Will You Constantly Wear A Mask?

by minimus 60 Replies latest jw friends

  • minimus
    minimus

    One of my cheap masks broke today. Thankfully I have about 5 others that people have given me so I can get into a store.

  • Queequeg
    Queequeg

    I had to get some blood work a few weeks ago and was asked to wait in a social distancing holding pen. Masks were required.

    I sat across from the only person without one. He was a pretty big guy with a massive beer gut. He was obviously proud to be maskless unlike the rest of us sheep. When I sat down he stared at me, I stared back. I'll play the stupid stare down game.

    Then... I started coughing. Whatever bug I had recently messed up my right lung and once I start coughing, I can't stop, and it's a nasty dry rattle with an involuntary wheeze after the cough that can't be faked.

    Tough guy broke eye contact. Then, the nurse said, "Are you sure you don't want a mask Mr. Krupke?" That seemed to indicate that he'd already turned her down once! He didn't say a word, he took the mask and walked to the other side of the room.

    I love you tough, nonsheeple. You're good for a laugh!

  • Realbavman
    Realbavman

    No. Last weekend I went to Menards where I was greeted at the garden center by a man in a mask who told me I couldn't enter until I go to the main entrance and buy a mask for a buck. I said, "ok, thank you". Then turned around and went immediately to Home Depot.

  • minimus
    minimus

    They should provide free masks for you giving them your money

  • the girl next door
    the girl next door

    I'm always required to wear a mask at work. This hasn't been a big change for me. We are required to wear them at grocery stores in my area as well, and anytime outside when within 6 feet of others. It is becoming exhausting and in general the rebellion has begun.

    I do not enjoy wearing a mask outside of work. But I do it now when I know it makes others comfortable.

    What is frustrating, is that 90% of people wearing masks today are using them incorrectly. Constantly touching their mask, up/down, right side/wrong side in, hanging over the ear then back on, using over and over. Pointless. May as not wear one because now you are more likely to be infected by SOMETHING as opposed to nothing if you had worn no mask. You've just mishandled something laden with bacteria that typically should be nowhere near your face. Imagine just grabbing your kitchen towel off the counter after a day or two of use and wrapping it around your face. That's what you are getting mishandling your clean n95 mask or substitute. Same with those wearing gloves. When you do not take them off properly and dispose of them properly, there is no point.

    But the powers that be say they work and are the key to moving forward. That is largely because of the success the medical field has shown with lower infection rates and good use of PPE.

    General population is not well trained in PPE.

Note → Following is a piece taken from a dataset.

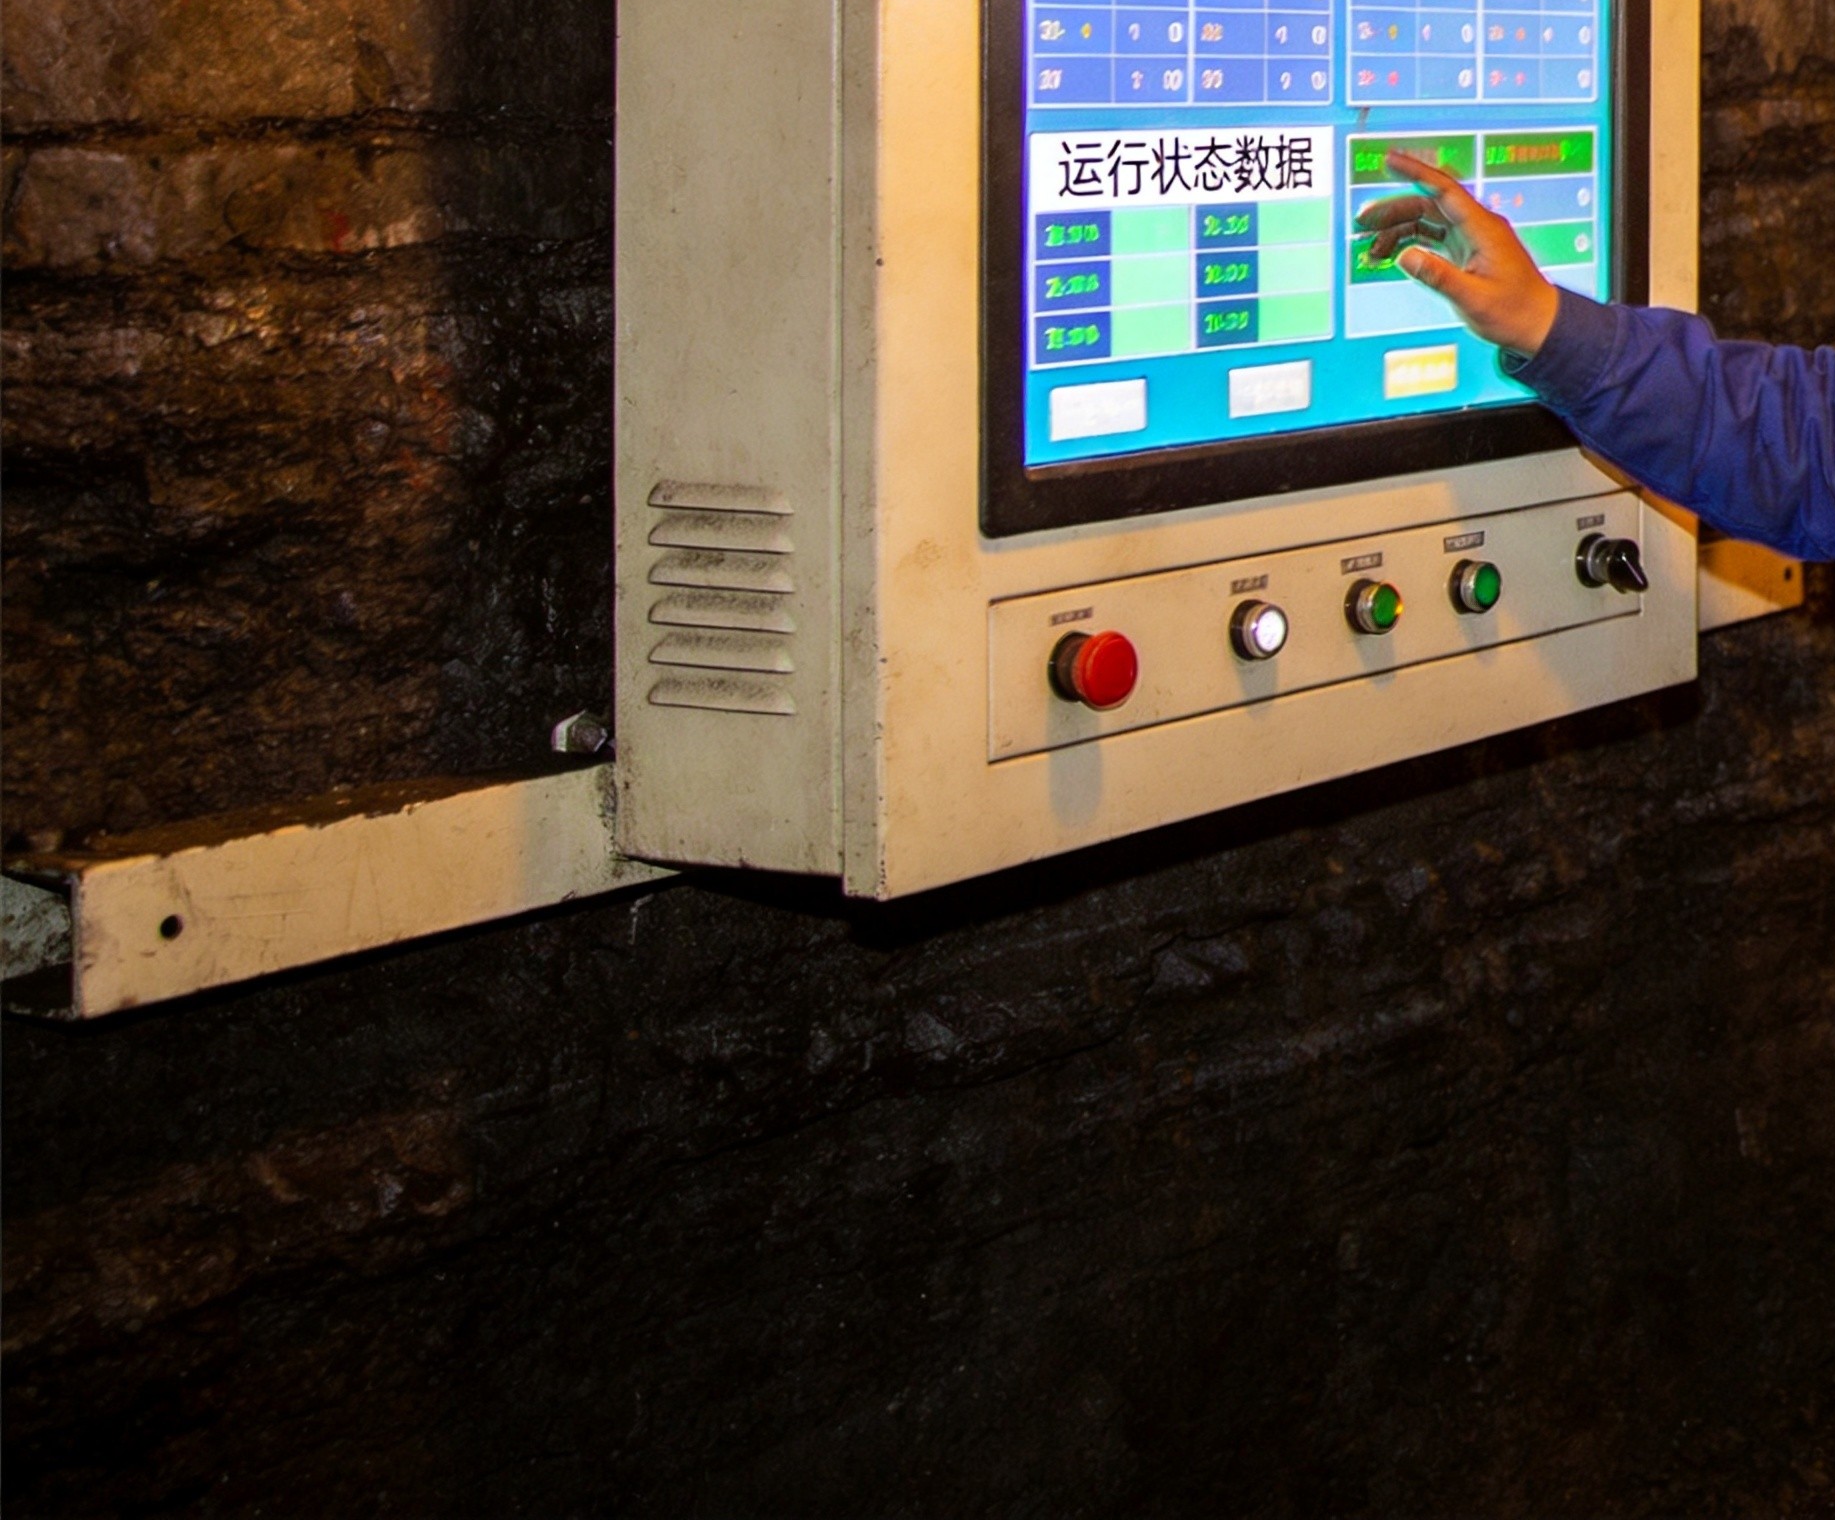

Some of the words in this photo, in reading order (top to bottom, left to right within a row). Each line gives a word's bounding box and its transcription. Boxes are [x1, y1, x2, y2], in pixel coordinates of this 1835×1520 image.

    Remember. When this all broke out, we were told NO masks. (because medical needed them and no supply). Then once billion dollar contracts floated around, EVERYONE wear a mask.

    Scientific data and guidance always follows the money.

  • Realbavman
    Realbavman

    Yeah, John Menard has enough money to provide masks but instead I think he is trying to make money off of it.

  • RubaDub
    RubaDub

    As I mentioned on another thread, I made a couple of masks from my wife's bikini underwear (she was not happy with one that I cut up but what can I say). She still complains when I wear them but I am the one who goes to buy food more often.

    Anyway, I like the feeling of the lace, it sort of tickles my ears a bit. It's hard to see other peoples' reactions but I know a couple have laughed.

    Before I wear them, I spray a little bit of lavender or spring mountain scents to get the full effect.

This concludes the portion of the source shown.